▶ DESCRIPTION OF THE TASK
All entries below are to be returned exactly, with pictures left out.

Spatial localization data
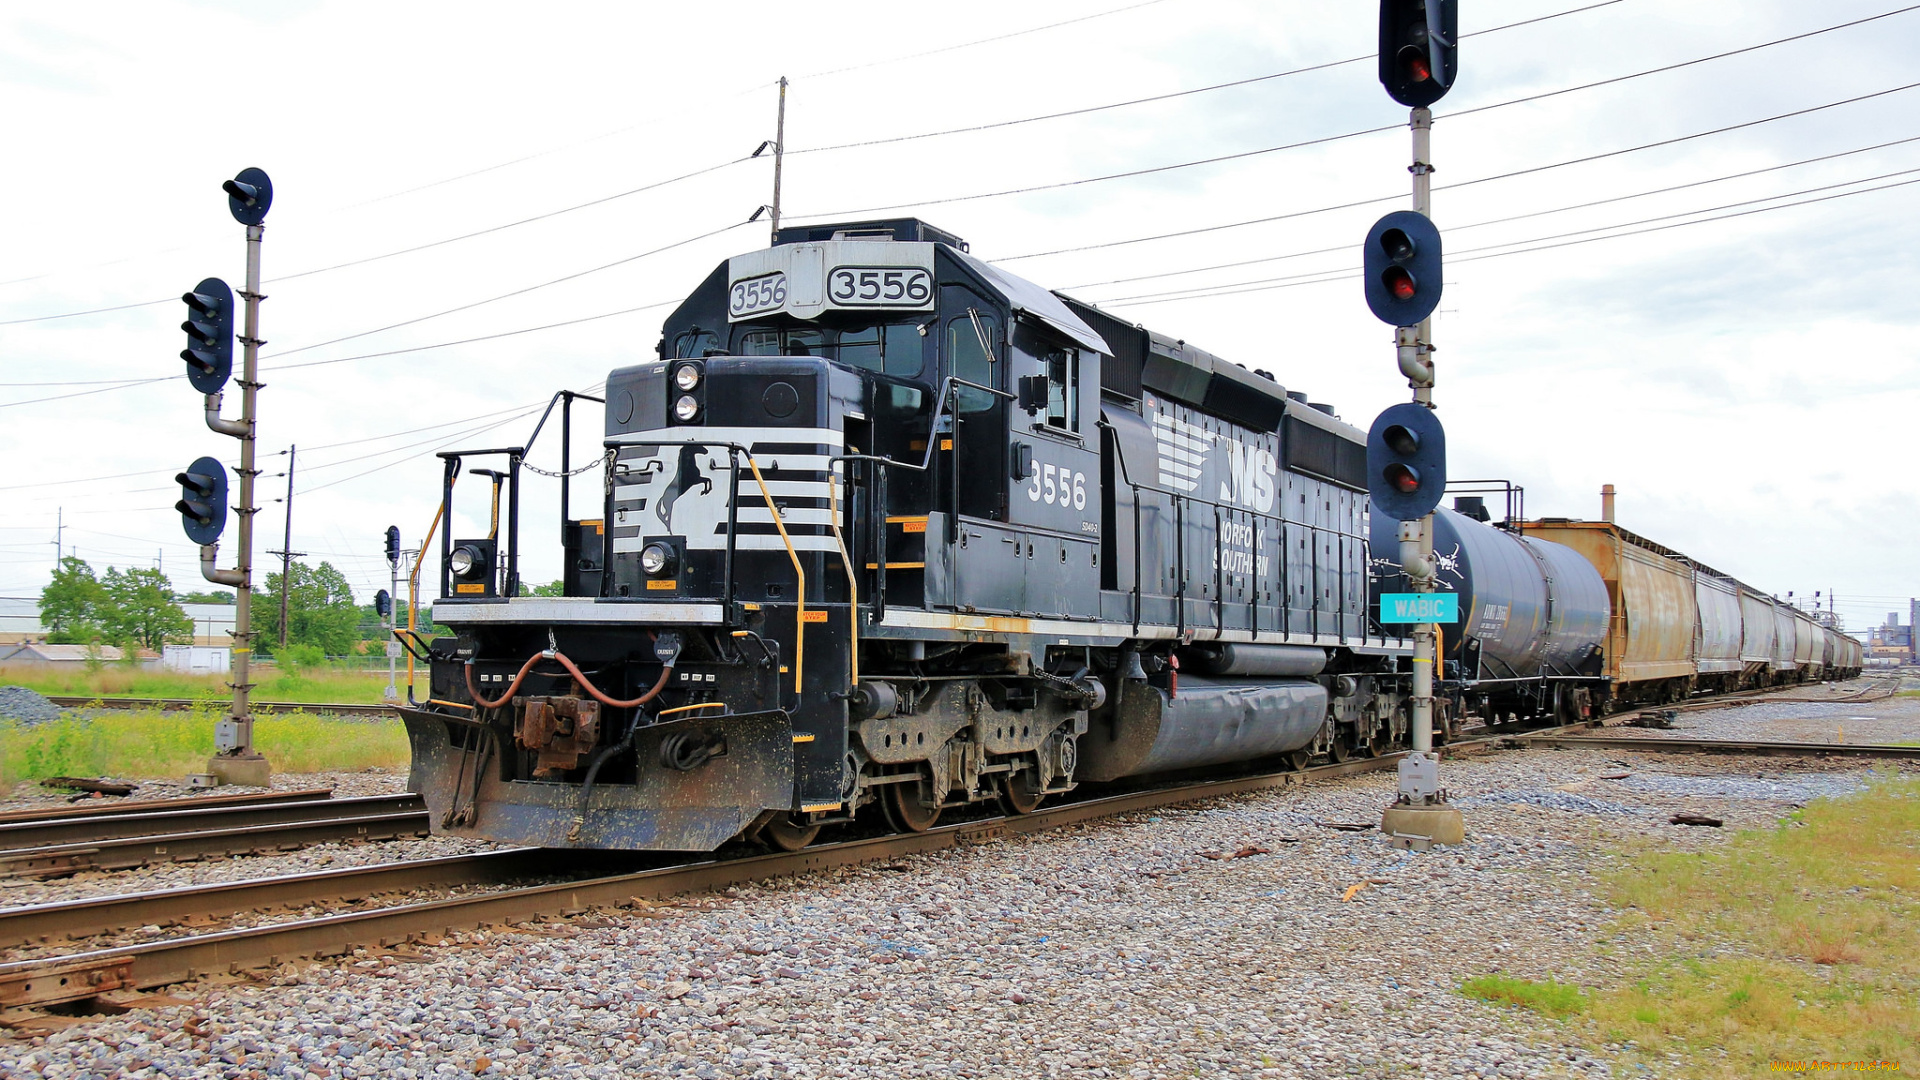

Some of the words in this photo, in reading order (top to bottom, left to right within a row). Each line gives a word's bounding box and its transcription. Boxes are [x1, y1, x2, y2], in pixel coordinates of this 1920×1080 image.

[733, 276, 787, 311] 3556
[834, 271, 929, 300] 3556
[1028, 459, 1087, 511] 3556
[1215, 520, 1264, 550] NORFOK
[867, 612, 874, 626] F
[1394, 599, 1444, 617] WABIC

▶ TASK RESPONSE
Some of the words in this photo, in reading order (top to bottom, left to right within a row). Each line gives a word's bounding box and its transcription. Boxes are [x1, y1, x2, y2], in pixel coordinates of this 1920×1080 image.

[733, 276, 787, 311] 3556
[834, 271, 929, 300] 3556
[1028, 459, 1087, 511] 3556
[1215, 520, 1264, 550] NORFOK
[867, 612, 874, 626] F
[1394, 599, 1444, 617] WABIC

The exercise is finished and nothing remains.